A meta-analysis published in 2000 evaluated the use of hypnosis for pain relief in the preceding 20 years.31 That review of 18 studies indicated that hypnosis offered a moderate to large analgesic effect for many types of pain, which met “the criteria for well established treatment.” Because hypnosis was noted to benefit most patients, a broader application of its use was advocated. A 2003 comprehensive review of hypnosis for pain relief found it superior to placebo for acute pain and at times superior to pain relief achieved by other means.15 Hypnosis for chronic pain was concluded to be a viable option, with the understanding that pain therapy requires “multidimensional assessment and treatment.”
Anesthesia for Surgery
Hypnosis has been used as the sole agent of anesthesia for both major and minor surgical procedures. In the 19th century, John Elliotson and James Esdaile reported their successful use of mesmerism for anesthesia in hundreds of operations, with decreased mortality compared with other methods. Nonetheless, they were censored by the medical community at the time for unacceptable techniques. Instead, chloroform, nitrous oxide, and ether won acceptance for general anesthesia.49
The use of hypnosis as the sole agent for anesthesia has been virtually abandoned because of the availability and dependability of pharmacological agents; nevertheless, a few such cases have been described in contemporary medical literature. Hypnoanalgesia was described for repair of atrial septal defects in 3 patients and for mitral commissurotomy in 4 patients, with hypnosis as the sole method of anesthesia for 1 of the patients.50 The patients were able to open and close their eyes on command during surgery and to extubate themselves postoperatively. An oral surgeon documented his own cholecystectomy performed with use of only self-hypnosis for anesthesia.51 He walked back to his room after surgery and returned to work on the 10th postoperative day.
A 1999 review of more than 1650 surgical cases using hypnosis combined with other methods for conscious sedation promoted the safety and patient comfort afforded by hypnosis.49 This form of anesthesia was used instead of general anesthesia for a broad range of surgical procedures, including thyroidectomy, cervicotomy for hyperparathyroidism, breast augmentation, neck lift, correction of mammary ptosis, nasal septorhinoplasty, débridement with skin grafting, maxillofacial reconstruction, and tubal ligation. The authors concluded that hypnosis prevents pharmacological unconsciousness, allows patient participation, and may allow a faster recovery and a shorter hospital stay but requires some changes in the atmosphere of the operating room because of the conscious state of the patient. Other studies support the multiple benefits of hypnosis as an adjunct to conscious sedation for many types of surgery49,52 (Table 352-56).
Brief hypnosis has been documented to be beneficial for anesthesia before excisional breast biopsies53 and invasive radiological procedures.54 Similar benefit was afforded to patients taught self-hypnosis, which was used during radiological procedures.55 In a randomized trial, patients hypnotized before and during coronary artery angioplasty required less pain medication and had a mild increase in tolerance to balloon-induced ischemia56 (Table 3).
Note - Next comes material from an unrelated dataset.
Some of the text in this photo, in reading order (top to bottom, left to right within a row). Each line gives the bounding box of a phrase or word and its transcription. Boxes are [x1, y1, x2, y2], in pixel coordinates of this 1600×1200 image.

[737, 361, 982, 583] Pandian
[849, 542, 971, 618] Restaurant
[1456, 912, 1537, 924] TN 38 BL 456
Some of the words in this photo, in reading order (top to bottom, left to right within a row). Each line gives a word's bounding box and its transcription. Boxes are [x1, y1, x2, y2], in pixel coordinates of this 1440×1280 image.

Benefit was observed, presumably from the relaxed state and from distraction, without specific suggestions given for not feeling discomfort.
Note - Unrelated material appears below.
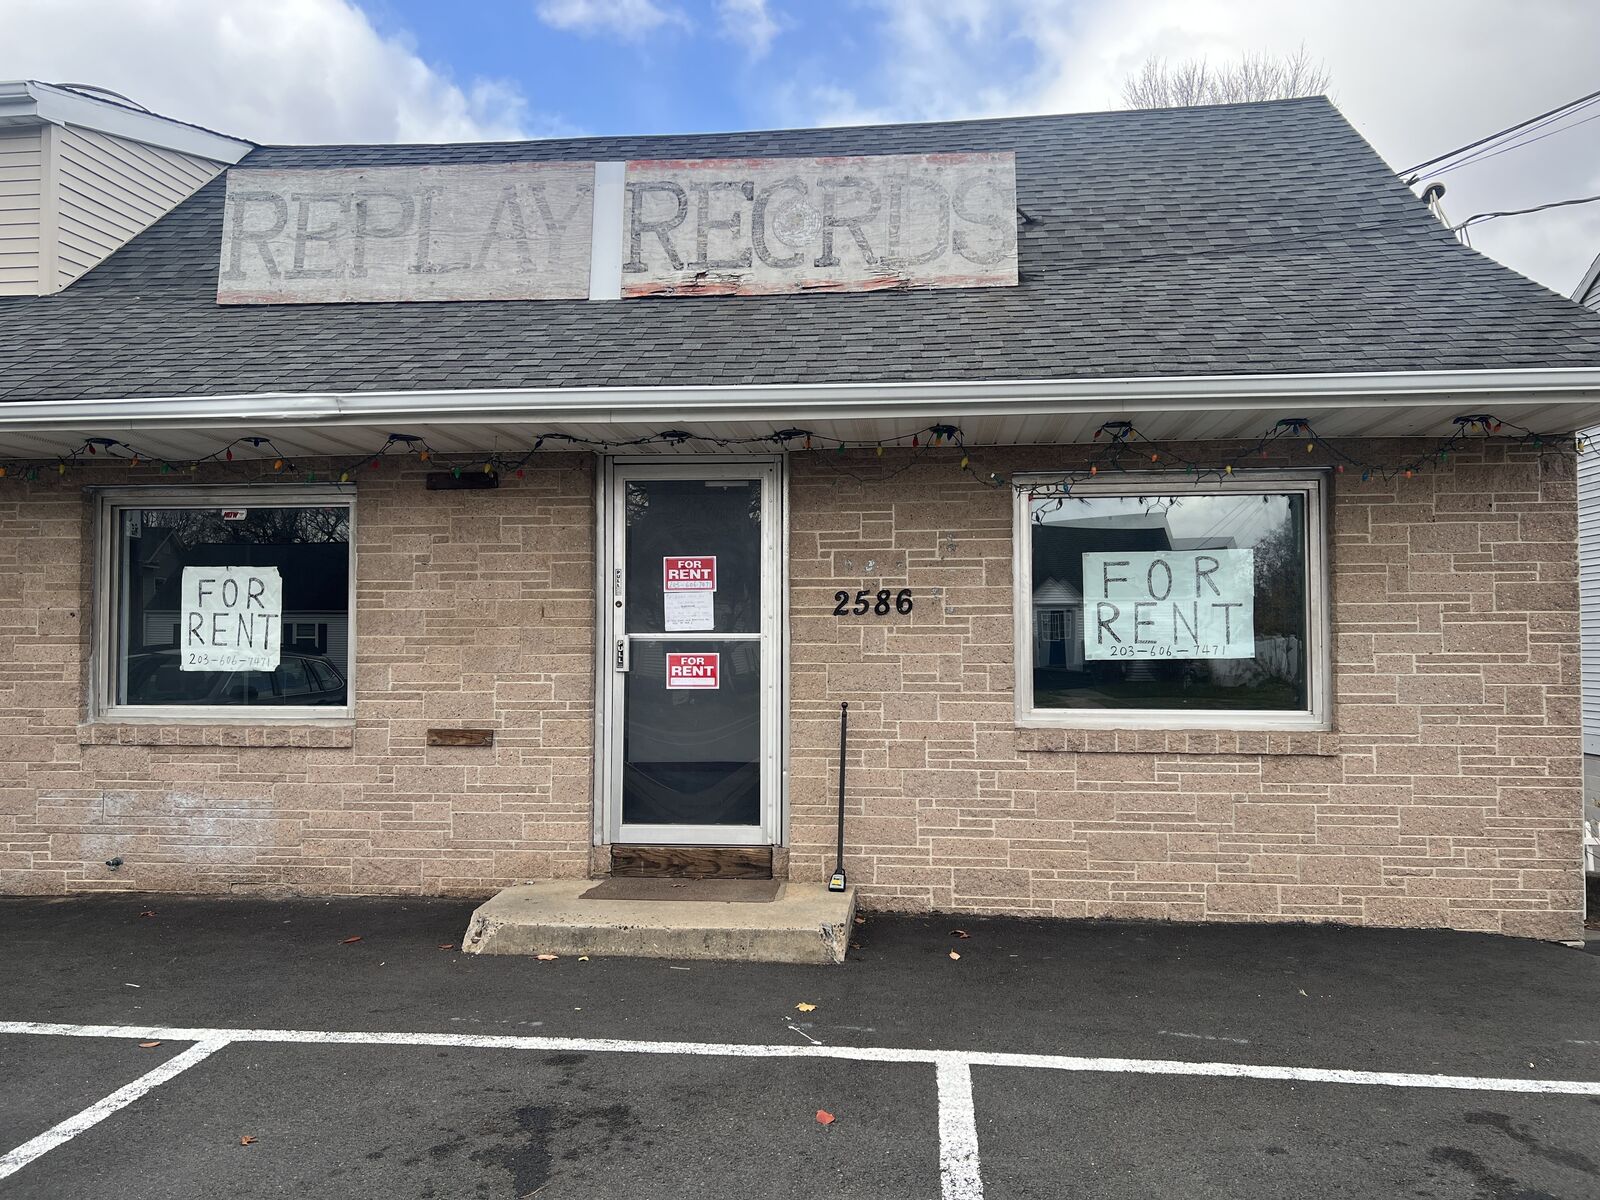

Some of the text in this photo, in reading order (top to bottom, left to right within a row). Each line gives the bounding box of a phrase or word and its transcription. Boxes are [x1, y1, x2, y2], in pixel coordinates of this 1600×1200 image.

Many trials have evaluated hypnosis for eliminating warts (Table 457-60); however, evaluation is complicated by spontaneous remission rates of 20% to 45% and by accounts of warts being produced by suggestion.61,62 Fourteen patients with bilateral warts for at least 6 months were given direct suggestions for only unilateral clearing of the warts.57 Of the 10 patients who were able to reach at least a moderate depth of hypnosis (defined in the study), 9 (64% of the total group) achieved complete or near-complete resolution of the warts at 3-month follow-up. The warts on the contralateral side were not affected except in 1 highly hypnotizable person whose contralateral warts resolved 6 weeks later. Hypnosis was advocated to avoid pain and scarring, reactions to anesthetics, and the need for wound care and special equipment. The technique may be particularly applicable for warts in sensitive or inaccessible areas.
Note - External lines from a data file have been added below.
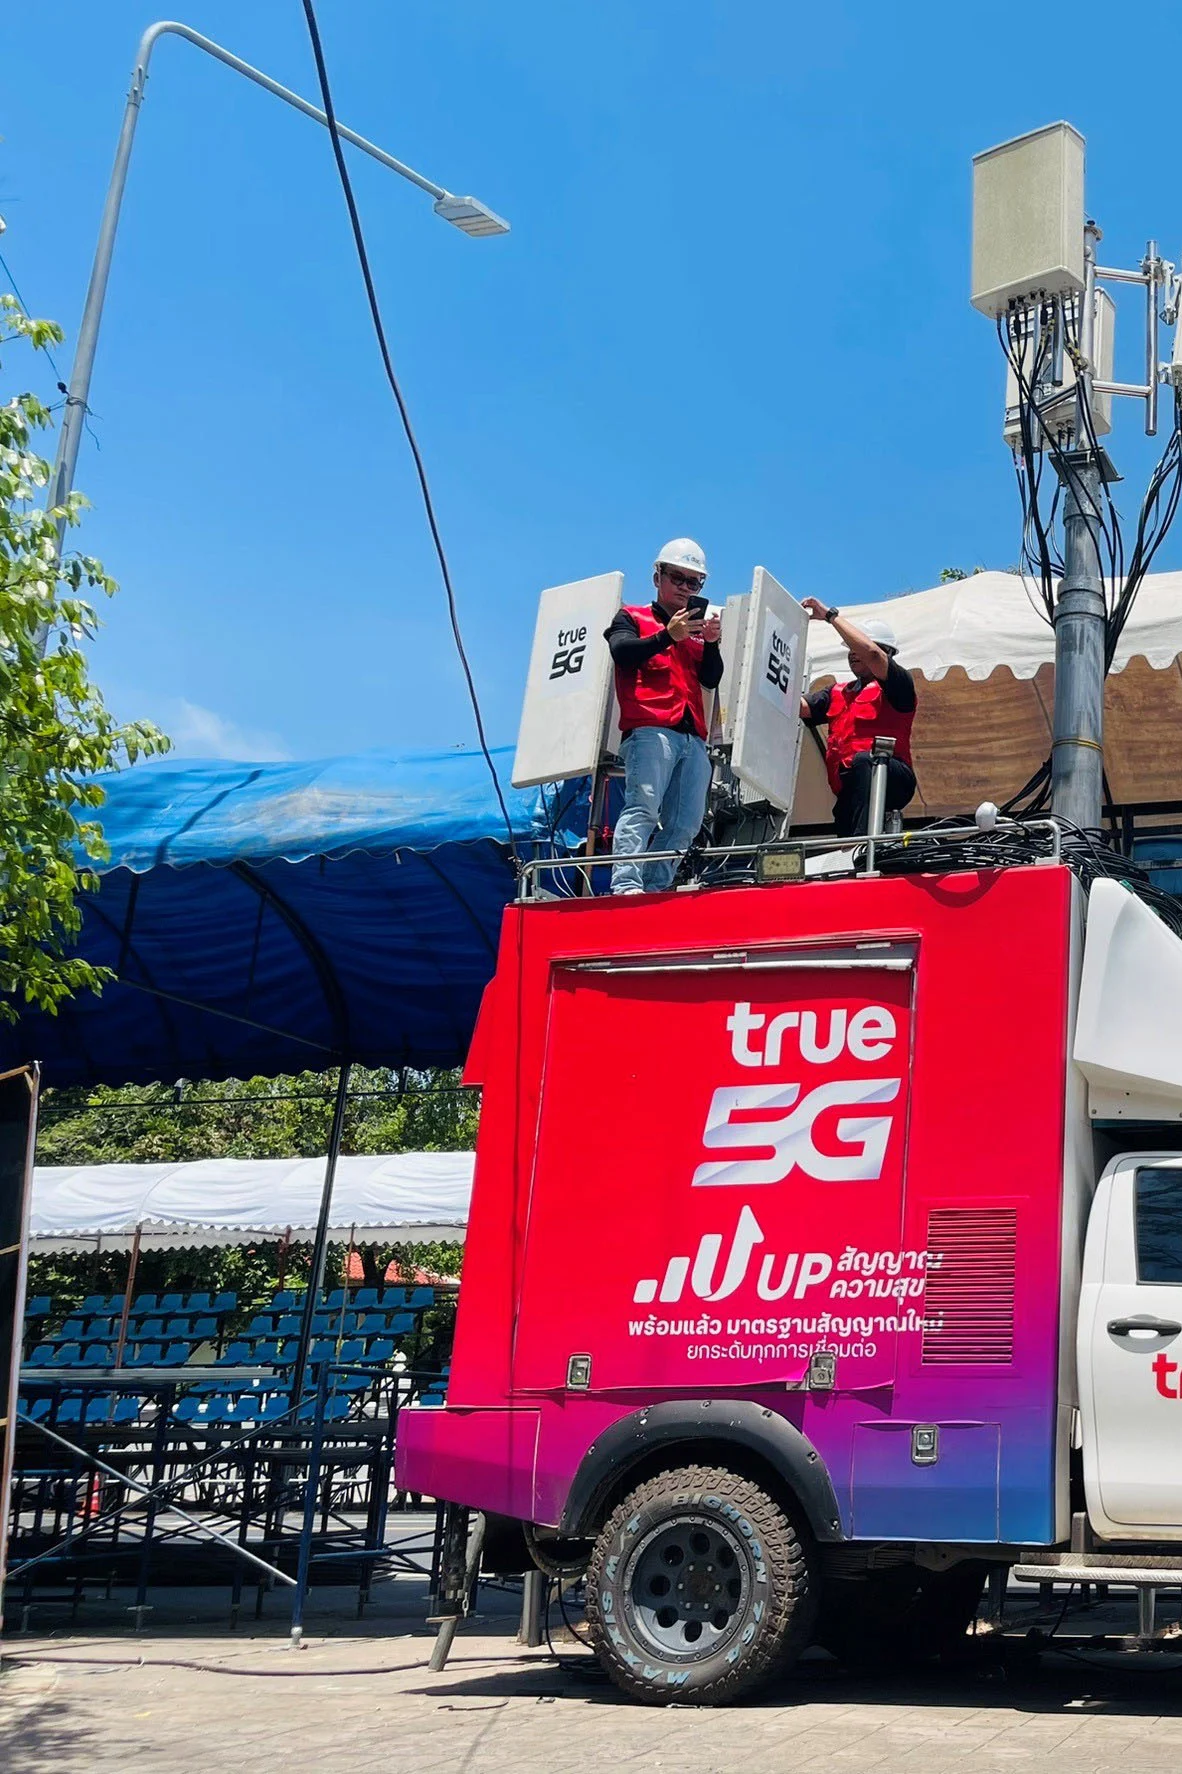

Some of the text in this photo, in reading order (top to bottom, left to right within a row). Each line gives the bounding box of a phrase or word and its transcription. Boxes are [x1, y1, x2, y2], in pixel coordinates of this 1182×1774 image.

[558, 626, 587, 647] true
[772, 630, 792, 662] true
[549, 645, 587, 680] 5G
[766, 652, 791, 694] 5G
[727, 1001, 897, 1067] true
[691, 1077, 902, 1187] 5G
[756, 1252, 833, 1300] UP
[829, 1277, 926, 1306] ความสุข
[628, 1313, 723, 1336] พร้อมแล้ว
[672, 1493, 768, 1585] BIGHORN
[602, 1591, 692, 1685] MAXXIS
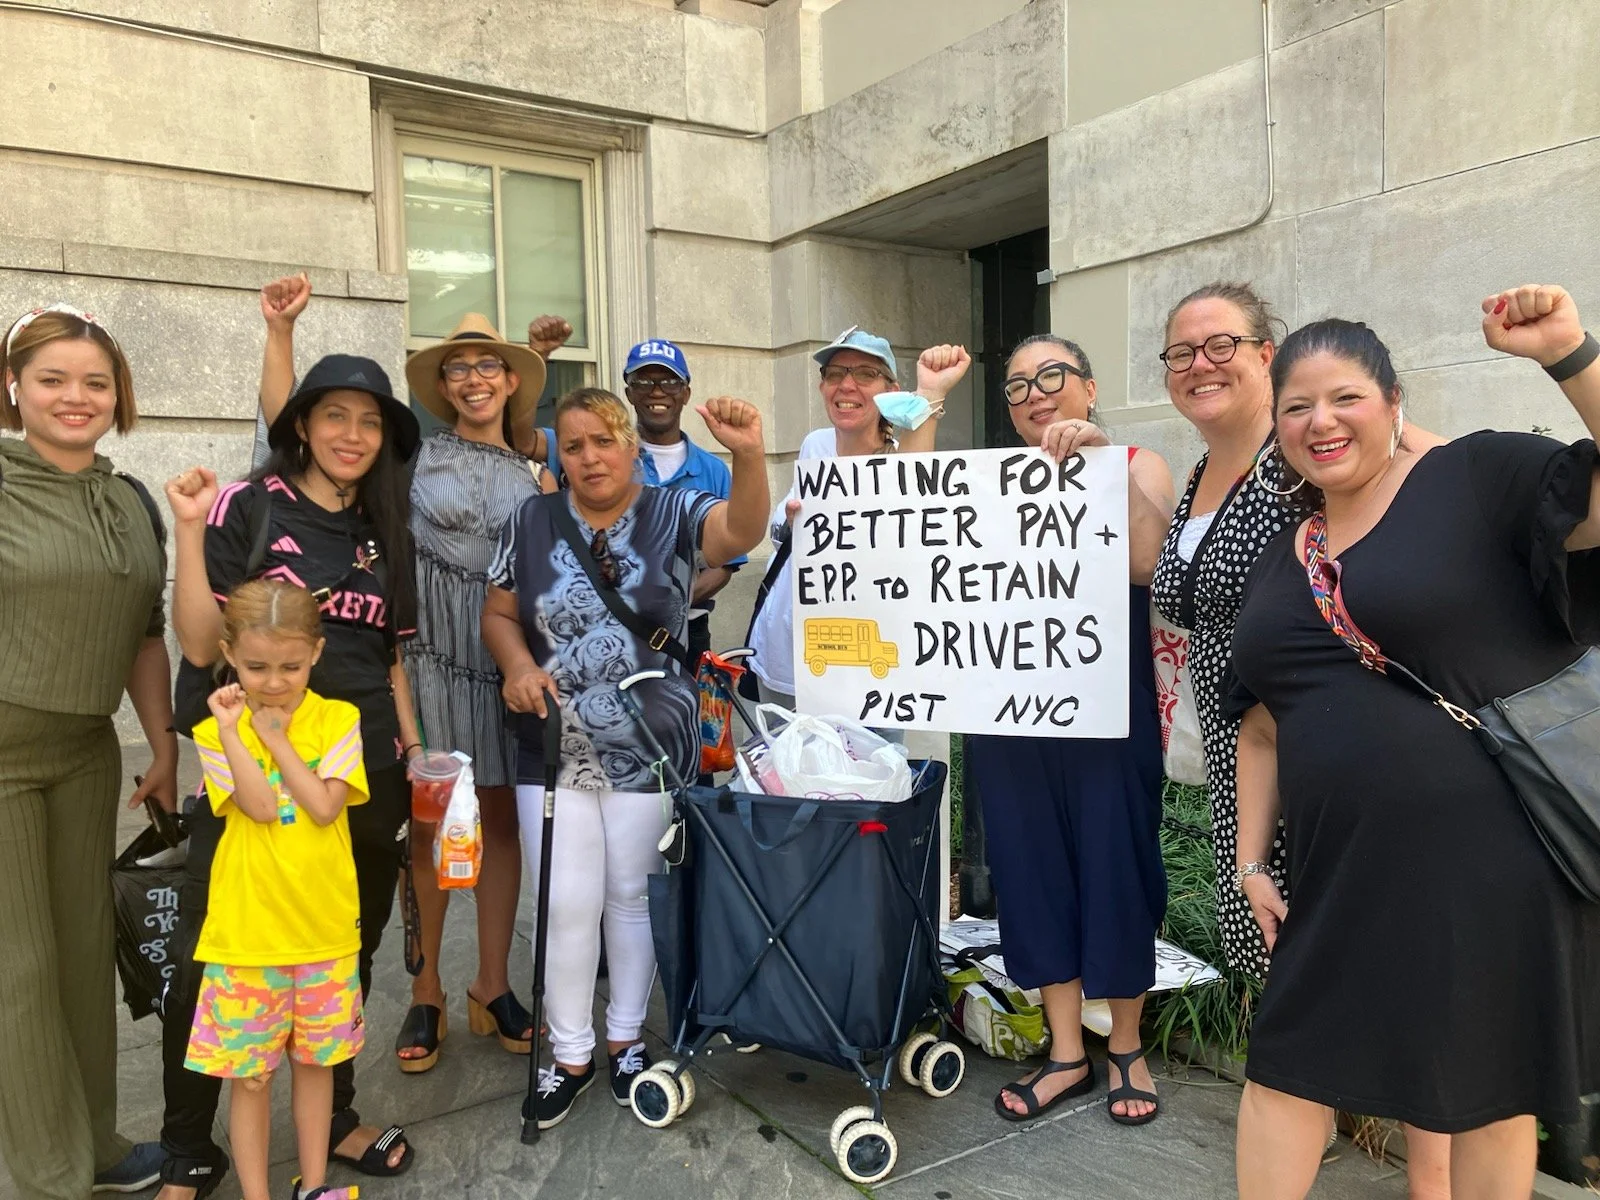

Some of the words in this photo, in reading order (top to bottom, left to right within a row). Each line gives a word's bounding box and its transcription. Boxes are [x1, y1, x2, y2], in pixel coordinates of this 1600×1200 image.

[639, 342, 675, 361] SLU
[797, 457, 970, 500] WAITING
[1000, 452, 1087, 496] FOR
[803, 505, 983, 556] BETTER
[1017, 501, 1087, 550] PAY
[931, 555, 1081, 602] RETAIN
[914, 614, 1103, 671] DRIVERS
[860, 690, 947, 721] PIST
[995, 694, 1079, 727] NYC
In a case report of 41 consecutive patients with predominantly refractory warts, direct suggestions in hypnosis, followed by age-regression techniques for any nonresponders, resulted in a cure rate of 80% with no recurrences.58 In volunteers with warts on the hand, a significant difference was seen in the rate of remission in those treated with hypnosis (50%) compared with that in the control group (12%).59 Hypnotizability was not found to be related to successful remission, whereas low expectation for wart regression had a negative association. Volunteers assigned to receive hypnosis had significantly fewer warts at the 6-week follow-up evaluation than did groups treated with either placebo or salicylic acid.60
Hypnosis has been used successfully for other dermatologic conditions. Patients with atopic dermatitis noted decreased pruritus, scratching, sleep disturbance, and tension after treatment with hypnosis.63 In many patients, improvements persisted at follow-up evaluations up to 18 months later. A review of the use of hypnosis in dermatology supports its value for many skin conditions not believed to be under conscious control.64
Hypnosis for irritable bowel syndrome (IBS) has been studied extensively (Table 565-72). A 1984 study in England showed significant benefits from hypnosis.65 Thirty patients with refractory IBS and severe symptoms were randomly assigned to 7 individual sessions of hypnotherapy or psychotherapy plus placebo pills. Although the psychotherapy group showed a small but significant improvement in some characteristics, all patients in the hypnosis group had significant improvements (P<.0001) in well-being, bowel habits, distention symptoms, and pain, with no relapses at 3-month follow-up. A subsequent report added 35 more patients to the hypnosis group of 15 from the earlier study; those with classic symptoms and no psychological problems fared best with hypnosis, as did patients younger than 50 years.66 Direct, specific suggestions for symptom relief were most successful. At 18-month follow-up, the 15 patients in the earlier hypnosis group remained in remission.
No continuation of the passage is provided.